WHAT THIS TASK INVOLVES> Write every record out again exactly as given.
START SOURCE MATERIAL
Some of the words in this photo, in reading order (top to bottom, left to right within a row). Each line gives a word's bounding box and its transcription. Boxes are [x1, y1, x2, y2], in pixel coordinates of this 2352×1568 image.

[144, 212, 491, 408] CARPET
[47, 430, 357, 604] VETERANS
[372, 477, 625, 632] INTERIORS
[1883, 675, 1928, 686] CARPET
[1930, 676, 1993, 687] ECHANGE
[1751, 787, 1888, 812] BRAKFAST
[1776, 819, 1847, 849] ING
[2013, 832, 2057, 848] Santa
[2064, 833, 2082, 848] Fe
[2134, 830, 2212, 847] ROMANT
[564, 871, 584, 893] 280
END SOURCE MATERIAL
SOLUTION FOR THIS TASK>
Some of the words in this photo, in reading order (top to bottom, left to right within a row). Each line gives a word's bounding box and its transcription. Boxes are [x1, y1, x2, y2], in pixel coordinates of this 2352×1568 image.

[144, 212, 491, 408] CARPET
[47, 430, 357, 604] VETERANS
[372, 477, 625, 632] INTERIORS
[1883, 675, 1928, 686] CARPET
[1930, 676, 1993, 687] ECHANGE
[1751, 787, 1888, 812] BRAKFAST
[1776, 819, 1847, 849] ING
[2013, 832, 2057, 848] Santa
[2064, 833, 2082, 848] Fe
[2134, 830, 2212, 847] ROMANT
[564, 871, 584, 893] 280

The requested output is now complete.